Now, for the state to enter into their personal right to choose their destiny is unbelievable. After all, it's our right to choose our fate in life, and not some will of God's. The law and our leaders confirm this. Weren't these kids born with Roe vs. Wade as the law of this great country?

The more I think about it, this thing that was born wasn't really a child. They hadn't named it, and the state hadn't issued a birth record. Who are we to interfere with this couple's private decision? This would be a great case to argue right up to the Supreme Court. Come, join my crusade. I even have the perfect bumper sticker: ``I am for disposal of newborns conceived out of inconvenience, and I vote.''

This is grim satire, but what are we teaching our children when abortion is tolerated?

THOMAS M. FAME

SALEM

Should doctors consider unions?

SANDRA BROWN Kelly's Nov. 24 Health Care column, ``It's a tough time to be a nurse,'' prompted me to think that soon it will be a tough time to be a physician.

Surely, it has occurred to the management of the Carilion hospitals that surgery is also a technical skill. I have no doubt Carilion will be able to cross-train nursing assistants to perform procedures such as biopsies, Caesarean sections and appendectomies in just a few weeks. Of course, a licensed physician would have to supervise these operating nursing assistants. And if anything goes wrong, the physician's license could be in jeopardy. However, the tremendous savings in cost would certainly justify any problems incurred.

I sincerely hope the medical doctors employed by Carilion have started talking to collective-bargaining organizations set up especially for physicians. They are going to need help.

JACKIE COLLINS

BLACKSBURG

Show tolerance in freedom of speech

UPON READING the editorial section daily and enjoying the diversity in the opinions of the readers here in the valley, I am struck with the one main vein many readers run in. These are well-meaning, upright citizens who assume that all angles of thought, worldview and commentary must be projected from a Christian standpoint.

These folks may claim Christianity as the basis for their own views. But often, in addition to simple free speech on their own positions, there are harsh words about community, political and moral issues because things are not ``Christian'' enough. They berate society and their outer world as though all others are to hold the same perspectives, and ought to know better.

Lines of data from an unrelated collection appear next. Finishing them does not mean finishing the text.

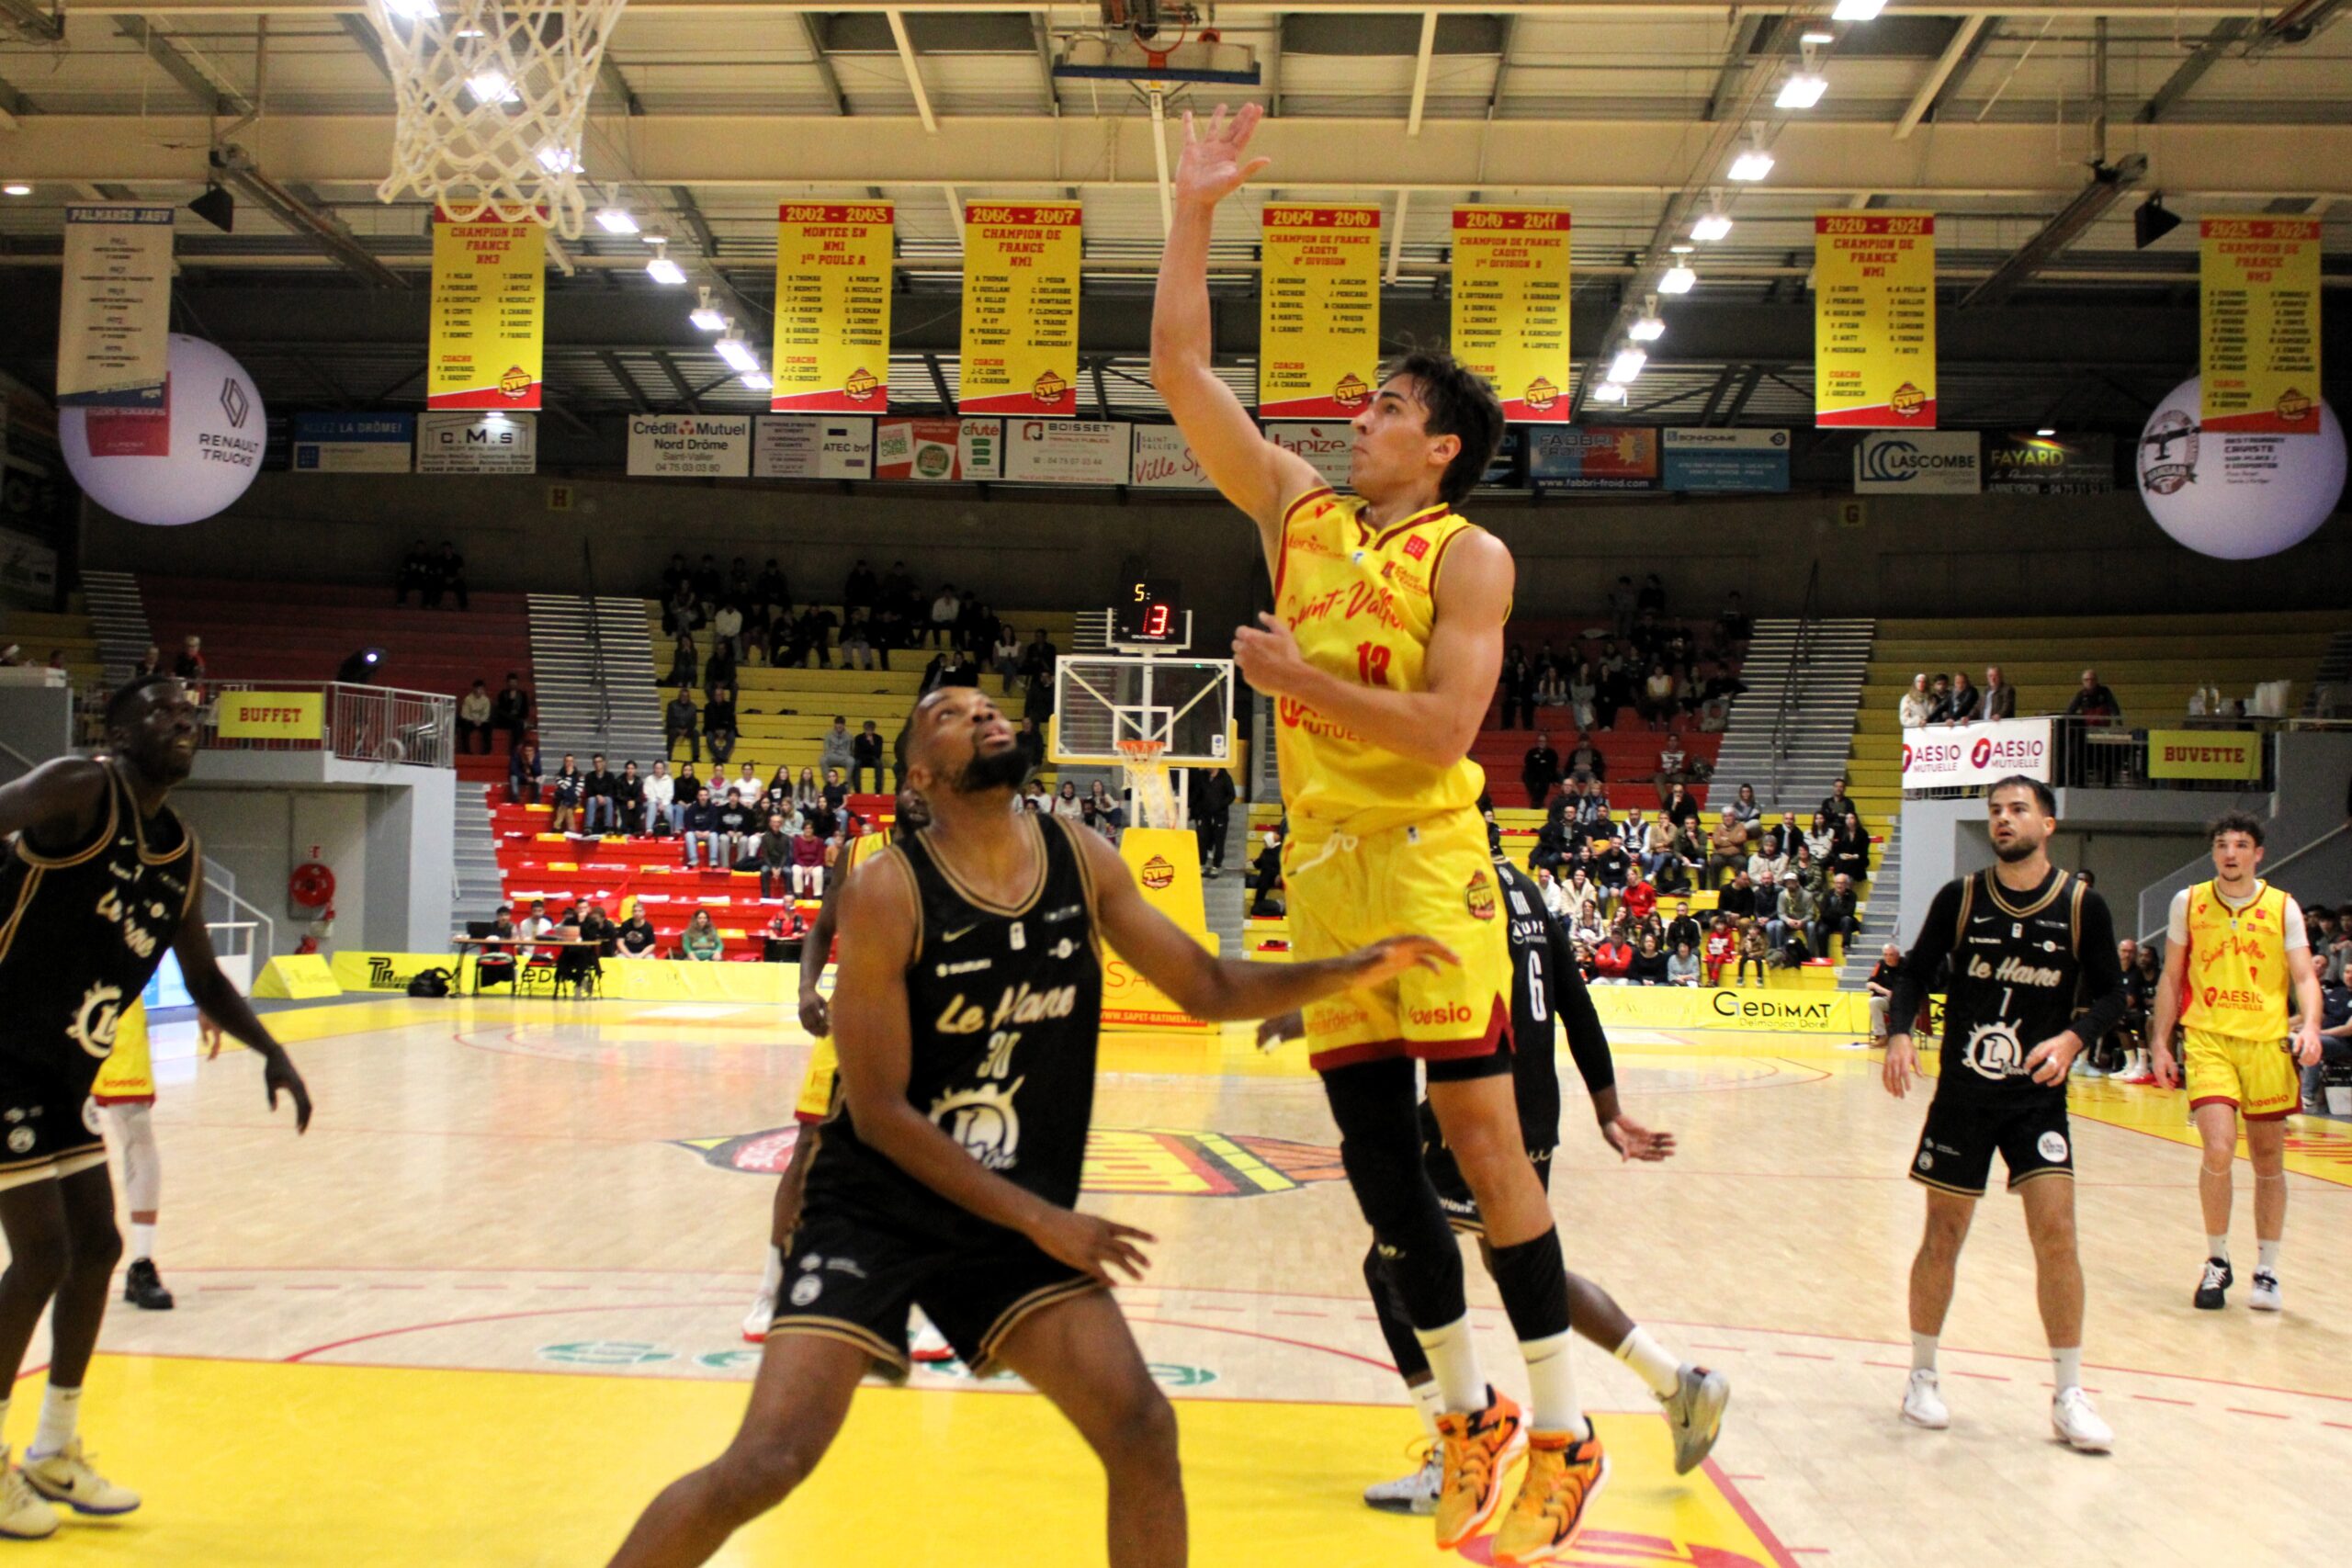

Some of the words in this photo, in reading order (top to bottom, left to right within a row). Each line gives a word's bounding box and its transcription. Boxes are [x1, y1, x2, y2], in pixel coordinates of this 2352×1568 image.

[786, 207, 826, 221] 2002
[846, 208, 888, 222] 2003
[973, 208, 1013, 222] 2006
[1034, 209, 1075, 224] 2007
[1272, 210, 1314, 225] 2009
[1334, 211, 1371, 226] 2010
[1466, 213, 1503, 228] 2010
[1523, 214, 1558, 229] 2011
[1826, 218, 1867, 232] 2020
[451, 228, 509, 237] CHAMPION
[512, 228, 526, 237] DE
[852, 228, 867, 238] EN
[983, 229, 1043, 239] CHAMPION
[1046, 230, 1061, 240] DE
[466, 241, 511, 250] FRANCE
[1270, 235, 1317, 243] CHAMPION
[1320, 235, 1331, 243] DE
[1335, 235, 1371, 244] FRANCE
[1460, 237, 1507, 245] CHAMPION
[1510, 237, 1521, 245] DE
[1525, 238, 1561, 247] FRANCE
[1834, 239, 1895, 249] CHAMPION
[1899, 239, 1915, 250] DE
[999, 243, 1045, 253] FRANCE
[1302, 246, 1338, 254] CADETS
[819, 254, 855, 265] POULE
[858, 255, 866, 265] A
[1850, 253, 1897, 263] FRANCE
[340, 423, 354, 433] LA
[633, 422, 677, 435] Crédit
[696, 423, 746, 436] Mutuel
[1048, 423, 1110, 433] BOISSET
[198, 434, 259, 454] RENAULT
[654, 439, 684, 450] Nord
[687, 438, 729, 451] Drôme
[823, 443, 851, 452] ATEC
[202, 448, 254, 467] TRUCKS
[1891, 455, 1975, 469] LASCOMBE
[1990, 450, 2064, 468] FAYARD
[1136, 457, 1176, 484] Ville
[1538, 478, 1649, 489] www.fabbri-froid.com
[553, 490, 567, 506] H
[240, 707, 301, 723] BUFFET
[2164, 746, 2245, 763] BUVETTE
[1913, 762, 1958, 773] MUTUELLE
[1991, 759, 2040, 768] MUTUELLE
[1968, 953, 1991, 979] Le
[1996, 956, 2061, 987] Havre
[1528, 950, 1547, 1021] 6
[1999, 987, 2013, 1018] 1
[936, 994, 985, 1034] Le

While I believe that a general consideration toward our fellow man is the unifying factor in nearly all religions - and for atheists and agnostics as well - I don't believe any one group can monopolize cultural ethics or chide society for deviating from a particular religion and its particular creed. This country is a very big place filled with a wide range of thought. Therefore, diversity of worldviews, along with tolerance and a little acceptance, could be invaluable assets if we are to live in any semblance of unity at all.

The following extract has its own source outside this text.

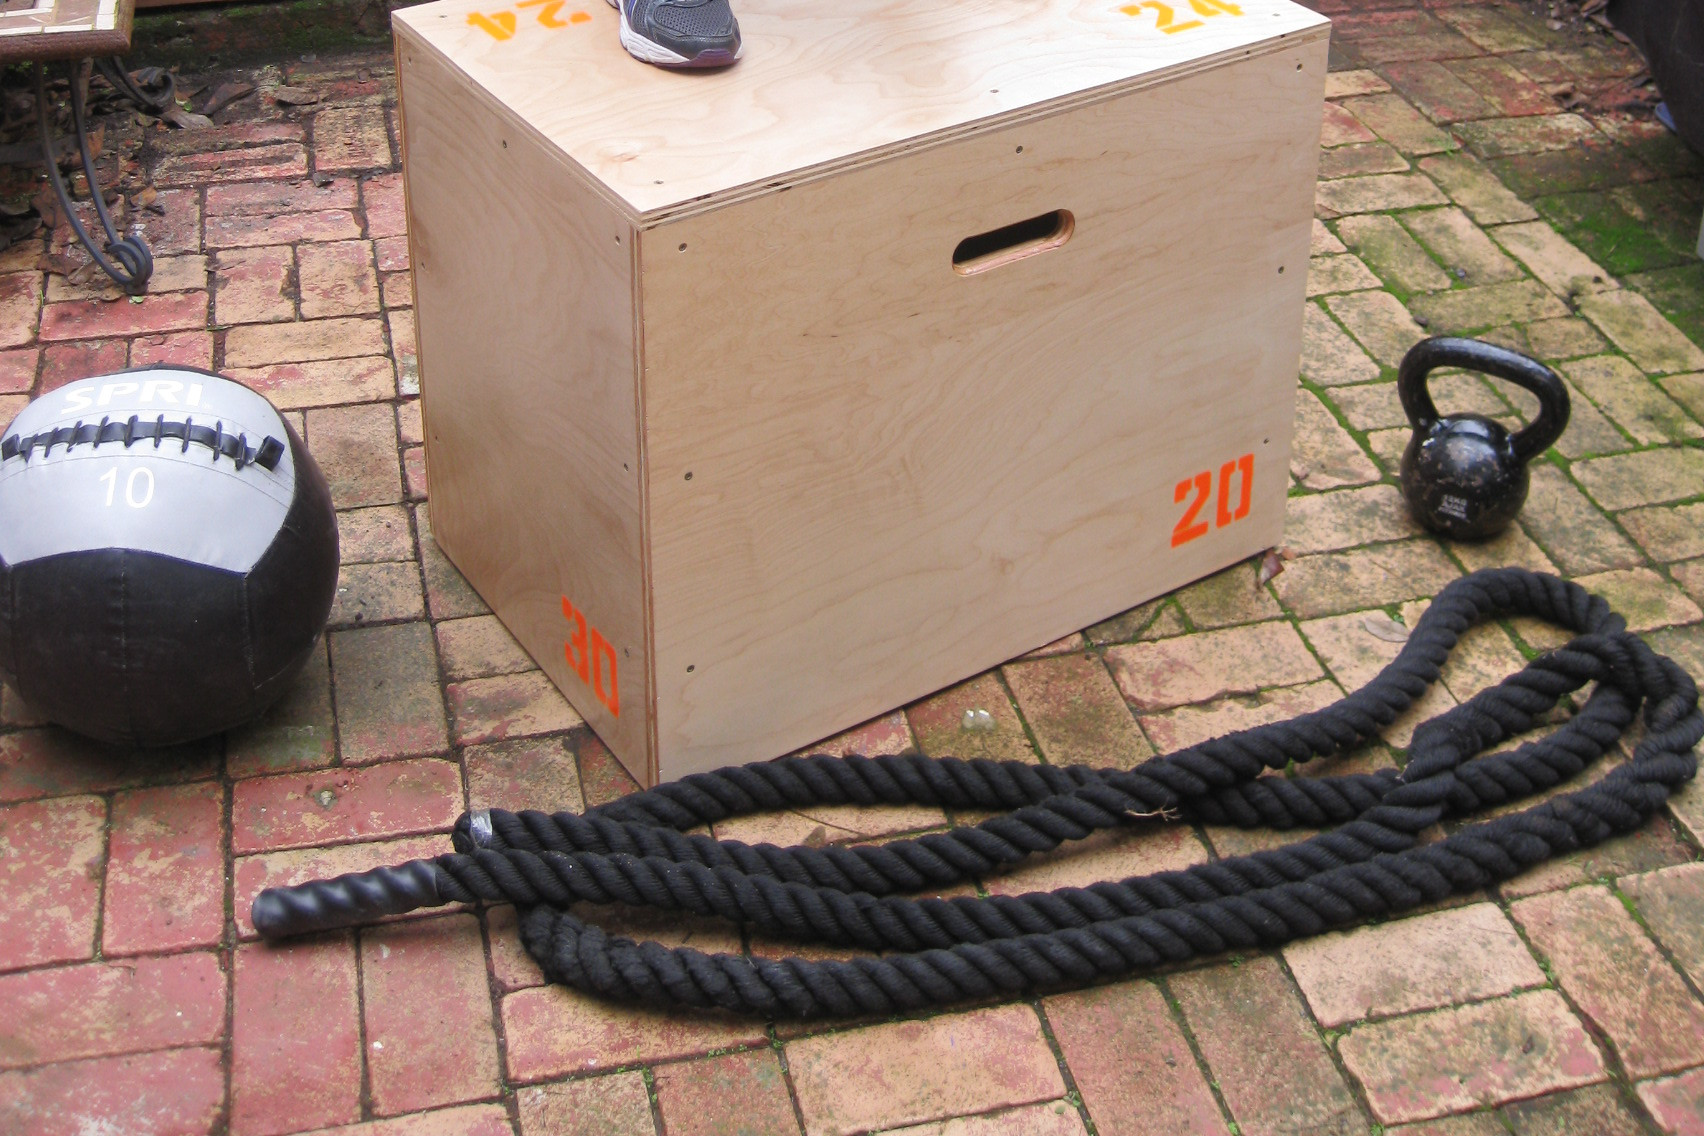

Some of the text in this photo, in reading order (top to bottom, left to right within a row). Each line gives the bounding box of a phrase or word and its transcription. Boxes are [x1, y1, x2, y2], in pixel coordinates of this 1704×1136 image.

Free speech is admirable, but to assume that all of society must agree with us is an extended step beyond this.

ANNE CARNEY

SALEM

Catholic teachings could have helped

YOUR NOV. 4 Associated Press news article (``Bishop upset over access to death row'') does, and should, provoke outrage. It's an outrage that these Catholics very well might not be on death row had this bishop insisted on Catholic doctrine and tradition being taught to our youth during his tenure in this diocese.

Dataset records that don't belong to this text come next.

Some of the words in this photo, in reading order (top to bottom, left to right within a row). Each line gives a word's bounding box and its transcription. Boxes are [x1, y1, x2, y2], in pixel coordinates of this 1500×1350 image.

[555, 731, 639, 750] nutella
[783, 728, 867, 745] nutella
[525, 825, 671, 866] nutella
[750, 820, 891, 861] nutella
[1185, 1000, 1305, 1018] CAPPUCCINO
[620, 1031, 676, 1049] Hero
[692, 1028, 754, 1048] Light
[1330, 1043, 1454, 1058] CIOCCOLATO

This bishop's ``tight schedule'' is traveling around the state for photograph opportunities while many of his priests are publicly defying the pope and magisterium of the church.

Never in his churches that I have attended do you hear his priests decrying the outrage of the wholesale slaughter of our innocents, nor do you hear them address the vast majority of our youth marrying outside the church simply because they have no knowledge whatsoever of what this faith entails.

Priests rightfully teach the love of Almighty God for all his people, regardless of creed. But there is another side of the coin that is never mentioned. Two thousand years ago, the Messiah came as a savior. He will come again, but this time as a judge.

Bishop Walter Sullivan needs to get his own house in order.